◆ Work instruction:
Reproduce the lines of the material exactly, excluding every image.

◆ Exercise inputs:
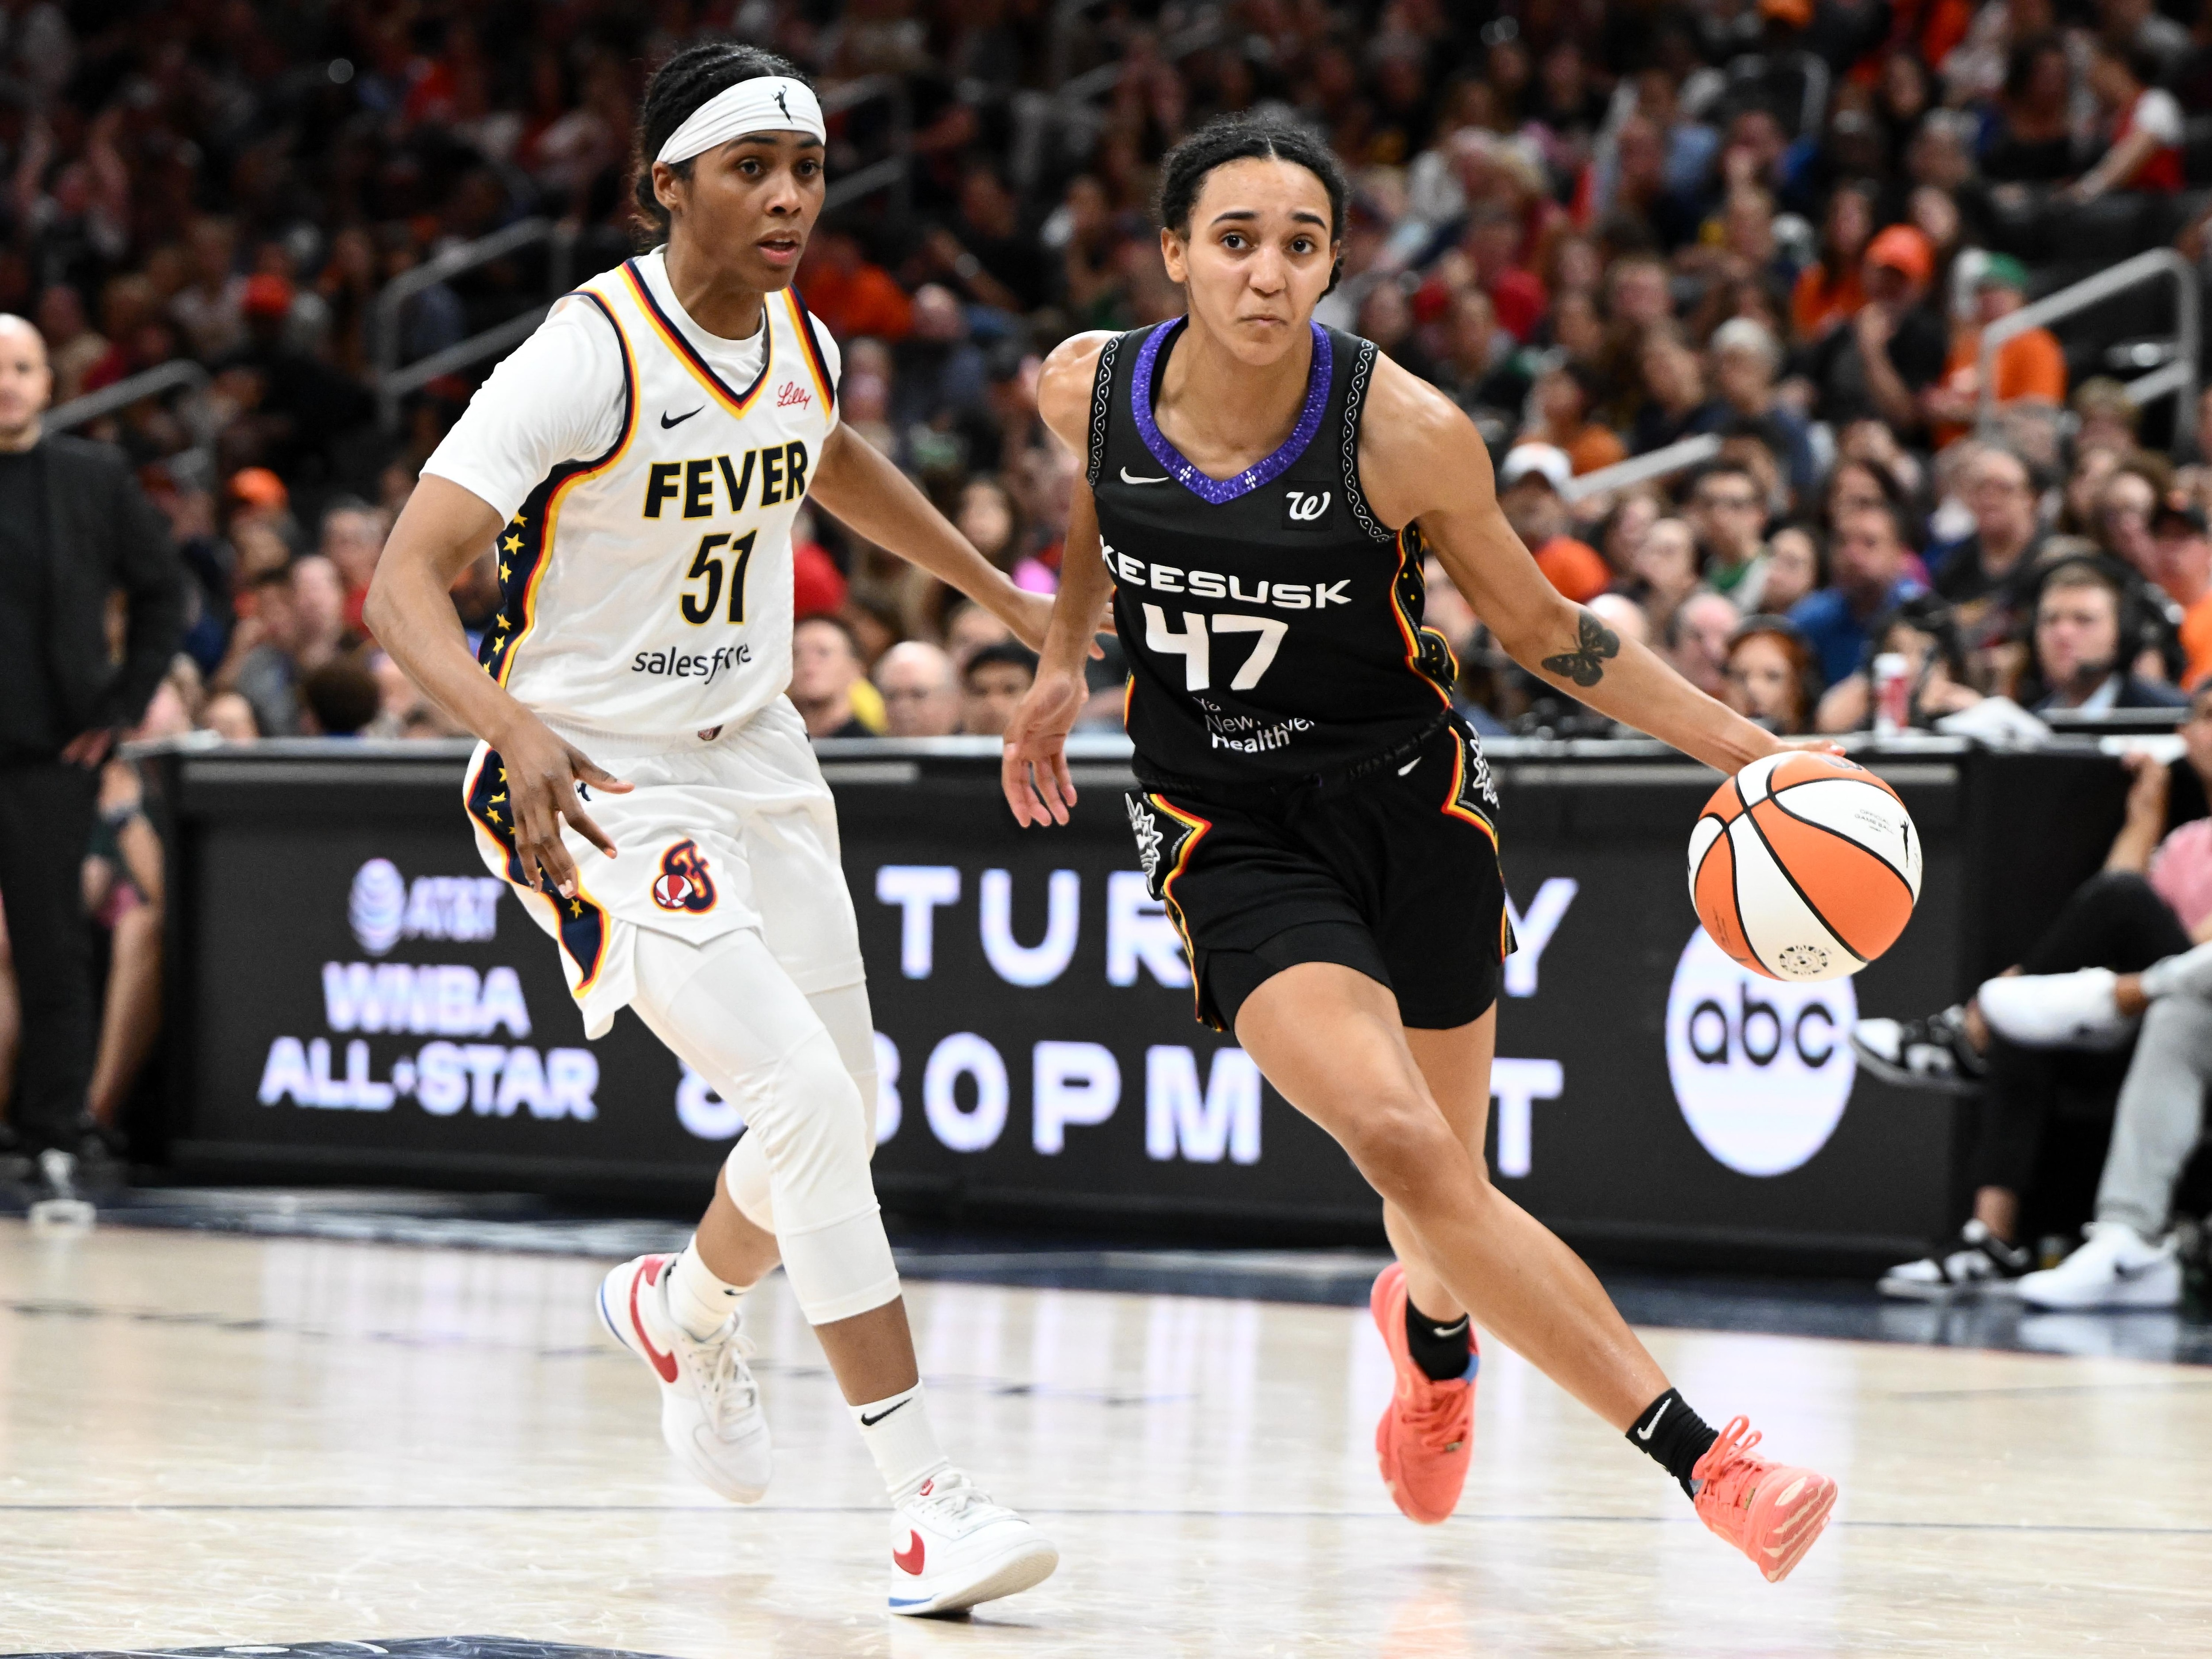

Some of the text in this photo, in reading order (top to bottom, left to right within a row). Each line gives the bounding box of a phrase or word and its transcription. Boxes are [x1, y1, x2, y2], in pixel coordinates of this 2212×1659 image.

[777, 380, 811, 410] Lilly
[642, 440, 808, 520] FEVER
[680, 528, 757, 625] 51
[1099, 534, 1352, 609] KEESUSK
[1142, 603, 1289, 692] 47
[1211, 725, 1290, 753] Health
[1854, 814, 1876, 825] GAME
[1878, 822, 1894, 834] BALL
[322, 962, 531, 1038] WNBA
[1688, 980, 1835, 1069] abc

◆ Expected output:
Some of the text in this photo, in reading order (top to bottom, left to right within a row). Each line gives the bounding box of a phrase or word and its transcription. Boxes are [x1, y1, x2, y2], in pixel coordinates of this 2212×1659 image.

[777, 380, 811, 410] Lilly
[642, 440, 808, 520] FEVER
[680, 528, 757, 625] 51
[1099, 534, 1352, 609] KEESUSK
[1142, 603, 1289, 692] 47
[1211, 725, 1290, 753] Health
[1854, 814, 1876, 825] GAME
[1878, 822, 1894, 834] BALL
[322, 962, 531, 1038] WNBA
[1688, 980, 1835, 1069] abc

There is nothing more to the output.